The Evanston Public Library has named Listen to the Language of the Trees: A Story of How Trees Communicate Underground by Tera Kelley and illustrated by Marie Hermansson the winner of the second annual Blueberry Award.
The Blueberry Awards honor children’s literature that strengthens kids’ connections with nature and fosters action for the planet. The Evanston Public Library created the Blueberry Award in 2021 to fill a nationwide vacuum: no other children’s literature award exclusively celebrates the best nature books that promote climate stewardship.
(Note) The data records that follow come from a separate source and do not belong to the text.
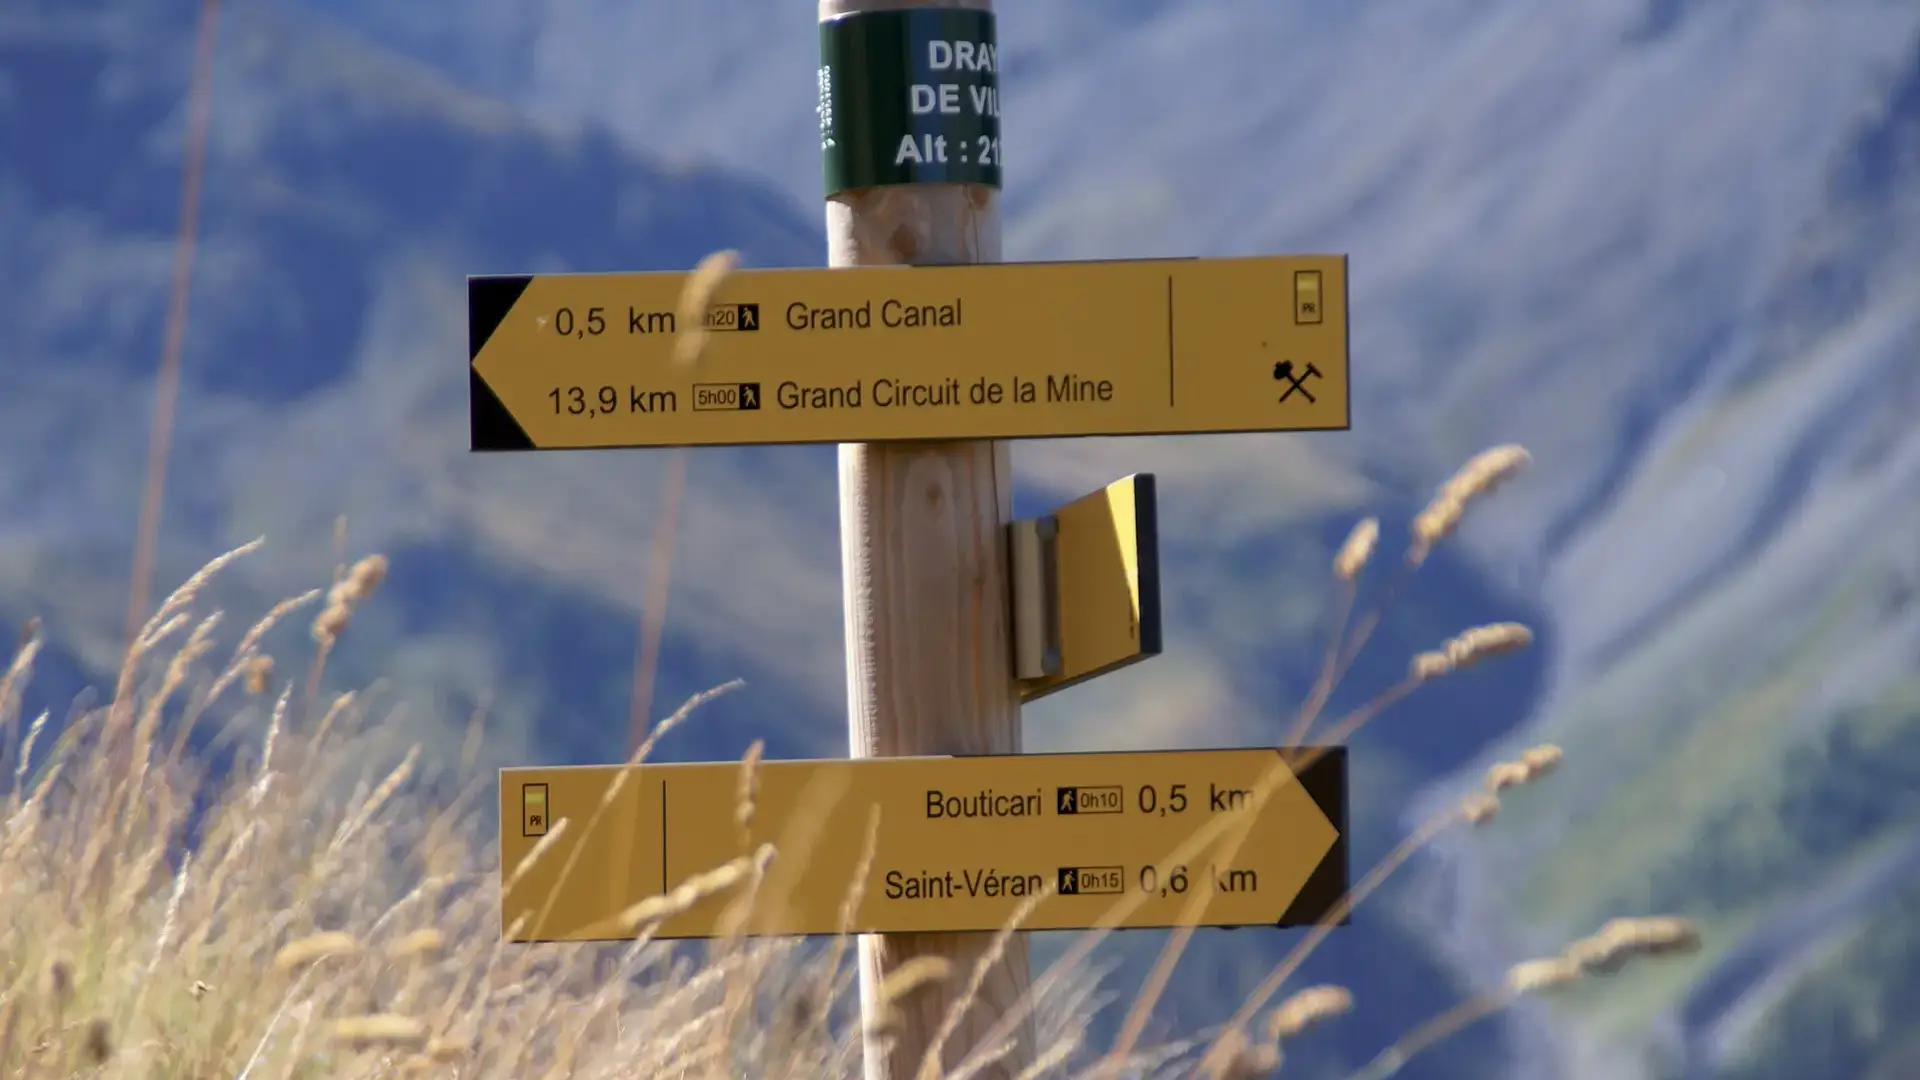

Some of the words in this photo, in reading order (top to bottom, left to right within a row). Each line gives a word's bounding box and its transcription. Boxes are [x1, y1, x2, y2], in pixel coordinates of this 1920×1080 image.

[911, 84, 960, 114] DE
[895, 134, 948, 165] Alt
[555, 308, 605, 340] 0,5
[629, 306, 676, 333] km
[702, 309, 735, 326] h20
[786, 301, 871, 330] Grand
[881, 298, 962, 328] Canal
[1302, 302, 1316, 313] PR
[549, 386, 617, 418] 13,9
[630, 385, 677, 413] km
[698, 389, 736, 405] 5h00
[777, 380, 862, 409] Grand
[872, 377, 960, 406] Circuit
[969, 377, 1003, 404] de
[1013, 376, 1036, 403] la
[1047, 374, 1114, 402] Mine
[926, 789, 1042, 819] Bouticari
[1080, 793, 1118, 808] 0h10
[1138, 785, 1188, 817] 0,5
[1210, 783, 1253, 812] km
[530, 815, 542, 826] PR
[885, 870, 1043, 900] Saint-Véran
[1081, 873, 1120, 889] 0h15
[1140, 865, 1188, 898] 0,6
[1211, 864, 1257, 892] km
Awards for the 2022 Blueberry List were announced Thursday, March 23, at a live event at the Evanston Ecology Center, attended by Chicago Botanic Garden Library Director Leora Siegel, Morton Arboretum’s Kathryn Neuffer, District 65’s Sustainability Coordinator Karen Bireta, and Natural Start Alliances’ Emily Van Laan along with a crowd of more children’s nature book lovers.
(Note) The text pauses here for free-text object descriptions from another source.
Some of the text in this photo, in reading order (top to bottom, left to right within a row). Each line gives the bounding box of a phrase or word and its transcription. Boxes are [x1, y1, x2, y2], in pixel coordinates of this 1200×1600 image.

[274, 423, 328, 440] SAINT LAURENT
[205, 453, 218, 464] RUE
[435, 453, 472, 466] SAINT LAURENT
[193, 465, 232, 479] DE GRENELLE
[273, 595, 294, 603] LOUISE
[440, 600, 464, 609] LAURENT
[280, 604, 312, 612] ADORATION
“I am so honored that Listen to the Language of the Trees is the Blueberry Winner,” winning author Tera Kelley said. “I hope my book helps children keep marveling at and connecting to forests — where cooperation is just as common as competition, where individual trees recognize their kin and send them extra resources, and fungi and trees negotiate an unruly partnership. Thank you, Blueberry Awards, for supporting books that connect children with nature!”
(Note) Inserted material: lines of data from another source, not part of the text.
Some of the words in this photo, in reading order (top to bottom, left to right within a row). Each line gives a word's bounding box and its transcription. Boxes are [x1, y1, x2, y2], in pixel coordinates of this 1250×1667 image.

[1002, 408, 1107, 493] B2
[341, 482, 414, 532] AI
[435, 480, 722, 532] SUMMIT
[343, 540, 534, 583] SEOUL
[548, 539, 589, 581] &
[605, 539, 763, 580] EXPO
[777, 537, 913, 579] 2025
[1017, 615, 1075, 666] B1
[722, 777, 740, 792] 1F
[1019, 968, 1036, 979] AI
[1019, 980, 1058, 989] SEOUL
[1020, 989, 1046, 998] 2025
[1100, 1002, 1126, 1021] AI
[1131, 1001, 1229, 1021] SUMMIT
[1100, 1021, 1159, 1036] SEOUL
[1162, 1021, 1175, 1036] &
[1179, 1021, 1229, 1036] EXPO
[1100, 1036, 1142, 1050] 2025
In addition to Listen to the Language of Trees, the Blueberry committee also awarded 24 Blueberry Honor Award winners and eight Blueberry Changemaker Award winners. The Changemaker category celebrates those books that support and encourage kids’ actions for the planet.
Katherine Applegate, Newbery Medal winner for The One and Only Ivan, was awarded a Blueberry on Thursday evening for Odder, a novel in verse about an otter who gets rehabilitated at Monterey Bay Aquarium.
“What incredible news! I’m truly honored,” Applegate said. “When I first heard about the Blueberry list, I was delighted that some wise folks had finally noticed the need to highlight nature and climate lit for children. And now, to be a part of that list? I couldn’t be more pleased.”
The honorees of this year’s Blueberry Awards are a diverse crop of new authors and illustrators as well as some well-known names in children’s literature:
- Frank Morrison, also the recipient of multiple Coretta Scott King Illustrator Awards, accepted a Blueberry for Uncle John’s City Garden, written by the late Bernadette Ford, about being introduced as a child to urban gardening by her uncle.
- Karina González, author of The Coquíes Still Sing: A Story of Home, Hope and Rebuilding, illustrated by Krystal Quiles, a book about the resilience of the Puerto Rican people and the natural world of the island after Hurricane Maria, which has also been awarded a Pura Belpre Honor Award.
- Helen Frost’s masterful poetry book about praying mantises Wait — and See features photographs by PBS NOVA for National Geographic TV filmmaker Rick Lieder.
- Varsha Bajaj, was awarded a Blueberry Changemaker Award for her New York Times bestselling middle grade novel Thirst, about a girl in Mumbai who fights for her belief that water should be for everyone.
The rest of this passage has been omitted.